Stent, the Saxon sobriquet, is a monosyllabic moniker for the strutted savior of the disease-ravaged coronary artery. Surgery proved to the world that crippling coronary artery disease could be treated but not everyone wanted or warranted an operation. A less traumatic option came from tackling the problem from the inside out but angioplasty was troubled by cave-in. In response, a 2000 year-old mining concept was applied to arteries. Supports for sink shafts became struts for arteries. In truth, the idea was used before the development of angioplasty to prevent sutures attaching two arteries from being tied too tight.(1) When a cave-in could be prevented, angioplasty became safer. Adoption of stents as an addition to angioplasty was rapid and almost universal. But, as each difficult artery fell, the next one loomed larger and the stents seemed too thick, too bulky, too stiff or too weak. They were too likely to renarrow, too hard to see on X-ray and they lasted too long. Despite a designer stent for every occasion, none overcame the fact that they were made of metal. Thus was born the idea of a stent that would be absorbed by the body like stitches that didn't have to be removed. Once it was gone, what was left would be just the artery but one that is reformed.

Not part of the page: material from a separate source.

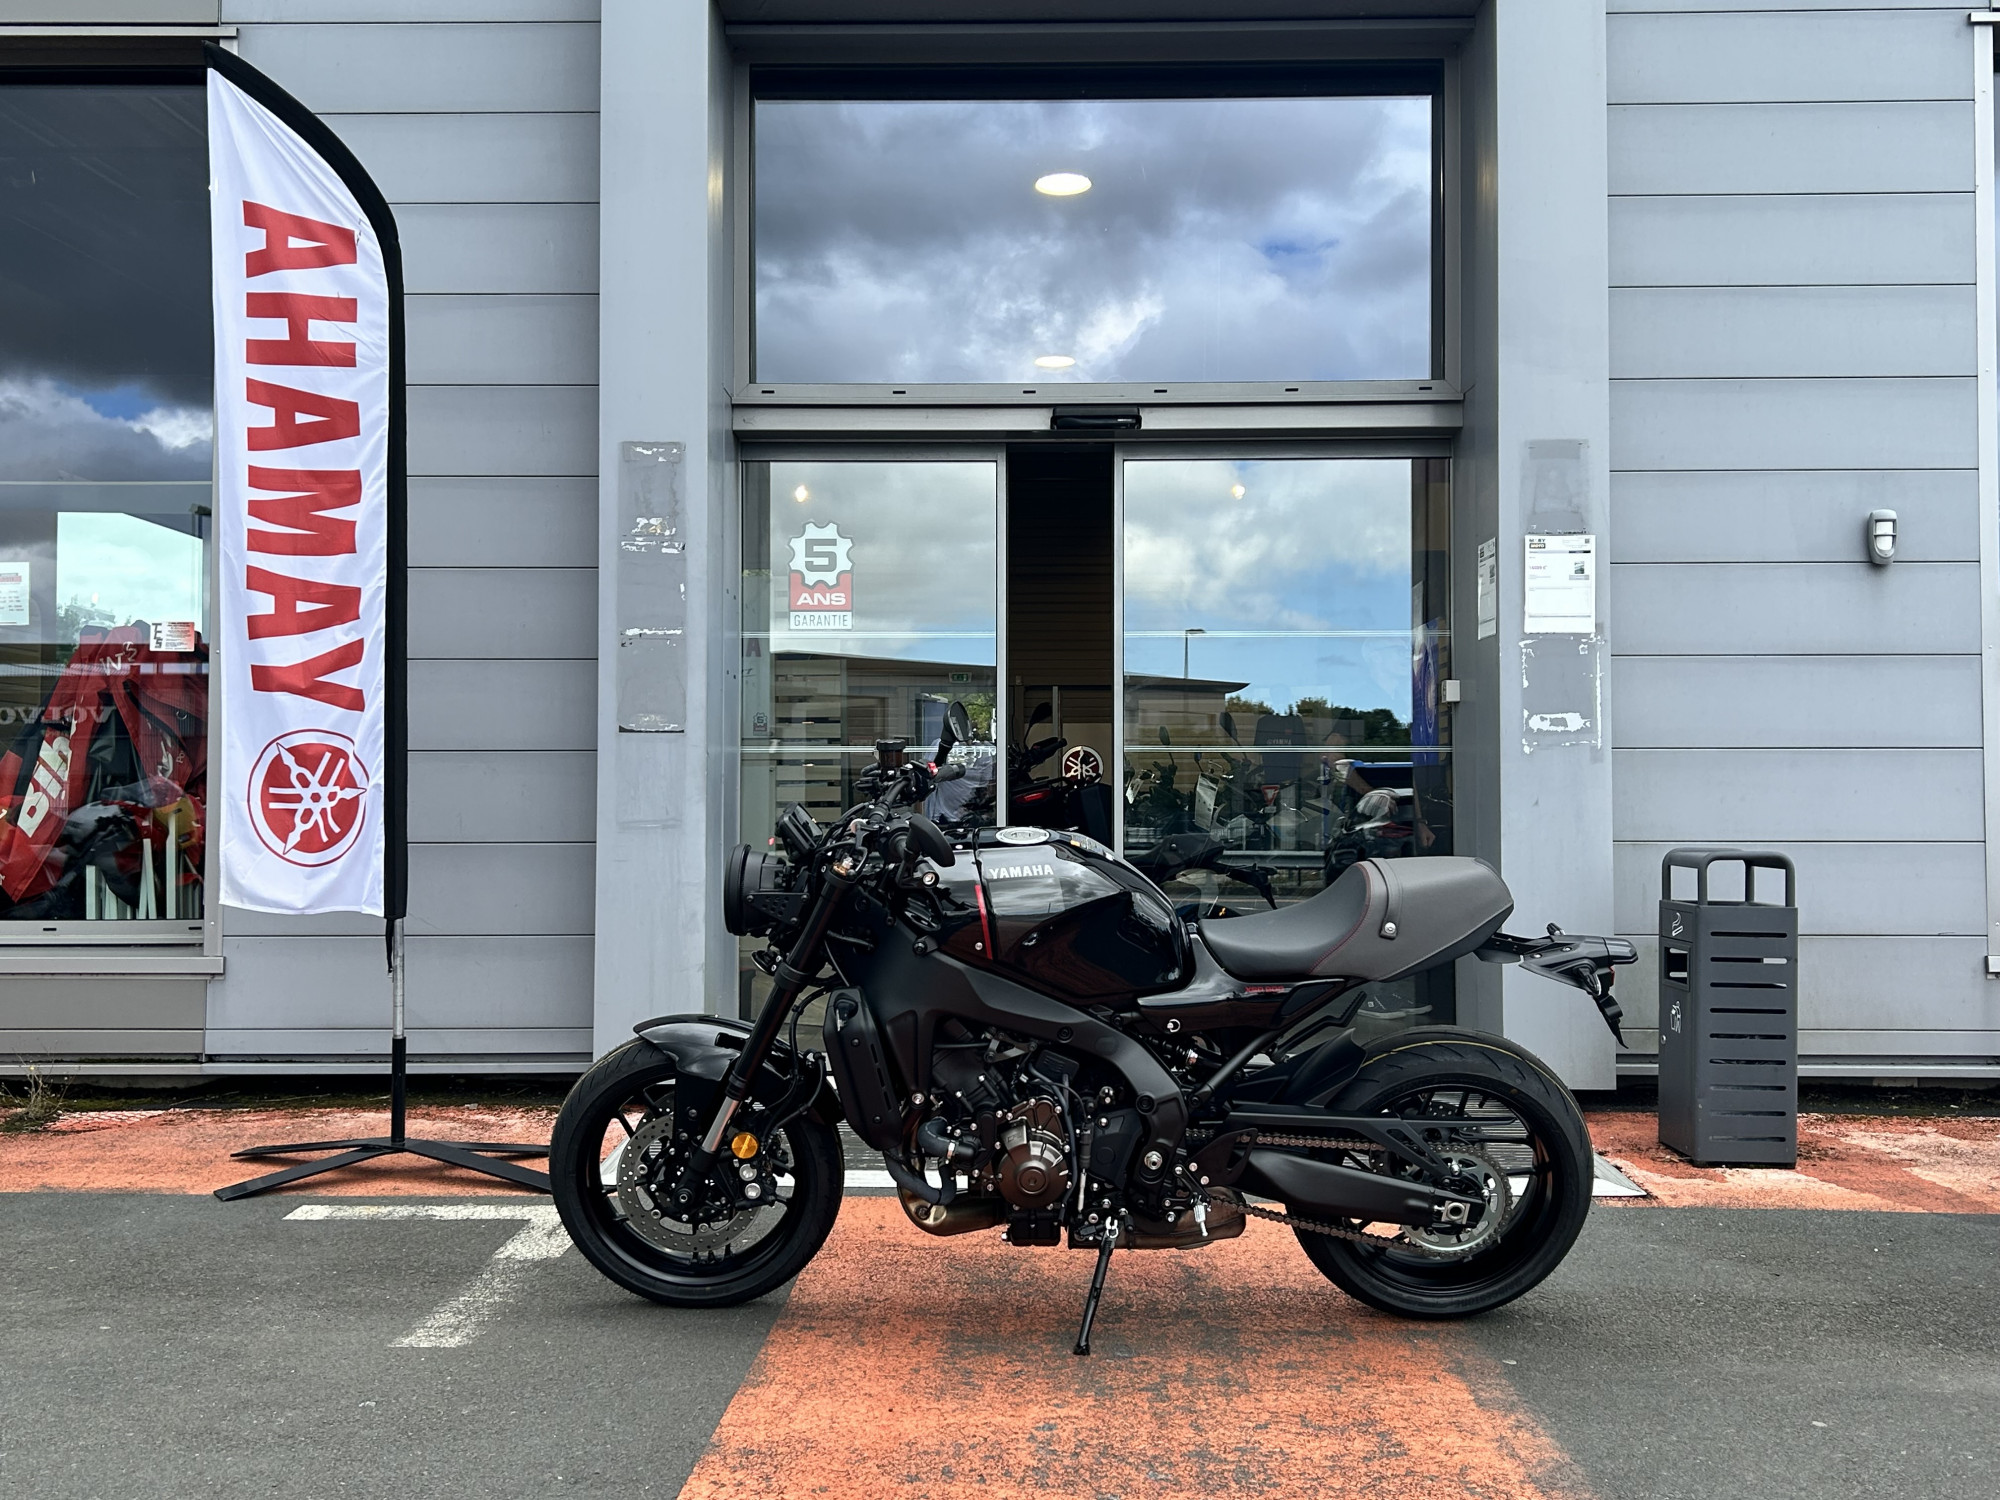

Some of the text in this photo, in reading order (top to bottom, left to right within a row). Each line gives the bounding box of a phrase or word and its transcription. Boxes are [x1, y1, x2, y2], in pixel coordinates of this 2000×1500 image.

There have been some very good ideas for stents that get absorbed by the body after placement. In amazing feats of engineering, they could get where they needed to go, give the support that was needed to prevent cave-in and just fade away. The question posed was how they compare to the metal versions that are used routinely.

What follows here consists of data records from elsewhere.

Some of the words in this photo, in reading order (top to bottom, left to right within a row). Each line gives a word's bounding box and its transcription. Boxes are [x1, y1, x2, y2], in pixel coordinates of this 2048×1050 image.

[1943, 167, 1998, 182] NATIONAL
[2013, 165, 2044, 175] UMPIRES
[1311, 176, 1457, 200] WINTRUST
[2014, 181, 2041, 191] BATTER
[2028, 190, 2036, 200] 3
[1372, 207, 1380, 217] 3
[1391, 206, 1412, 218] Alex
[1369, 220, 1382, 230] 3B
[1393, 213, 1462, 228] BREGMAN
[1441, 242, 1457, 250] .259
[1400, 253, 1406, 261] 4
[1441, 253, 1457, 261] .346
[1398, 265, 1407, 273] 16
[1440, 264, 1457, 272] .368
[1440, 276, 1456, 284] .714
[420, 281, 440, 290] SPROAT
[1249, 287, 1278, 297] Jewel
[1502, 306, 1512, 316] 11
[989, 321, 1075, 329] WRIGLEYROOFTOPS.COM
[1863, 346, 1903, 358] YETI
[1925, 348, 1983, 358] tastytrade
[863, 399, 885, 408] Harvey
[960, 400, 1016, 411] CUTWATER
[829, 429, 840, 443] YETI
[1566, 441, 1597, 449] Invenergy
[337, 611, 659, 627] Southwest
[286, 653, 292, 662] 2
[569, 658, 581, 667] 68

In several hospitals in the Netherlands, about 2000 people who were having something done to their coronary arteries agreed to have a reabsorbable stent if they were chosen. The ease with which the stent could be used, problems with its placement and how it held up long term were recorded. Generally, the reabsorbable version was a little harder to place. Once in place, both the routinely used version of a stent and the reabsorbable one held up about the same with one major difference. When the test version ran aground, it did so in the least desirable manner possible. It clotted.
Impact and analysis
The observations from this study are quite a blow to the stent being studied. It is not the end of an idea but it places a hurdle before similar stents that will come after. The observations made through the development of this stent may be re-examined as part of a post-mortem to see why a clot was a more frequent mode of failure than with the standard metal version. In the interim, this will have no major impact on the current model for when and where a stent is the right treatment option.
Keywords: Stent, Thrombosis, Coronary Artery Disease, Cardiovascular Disease
1. Hall Rj Fau - Khouri EM, Khouri Em Fau - Gregg DE, Gregg DE. Coronary-internal mammary artery anastomosis in dogs. Surgery. 1961;50(0039-6060 (Print)):560-7.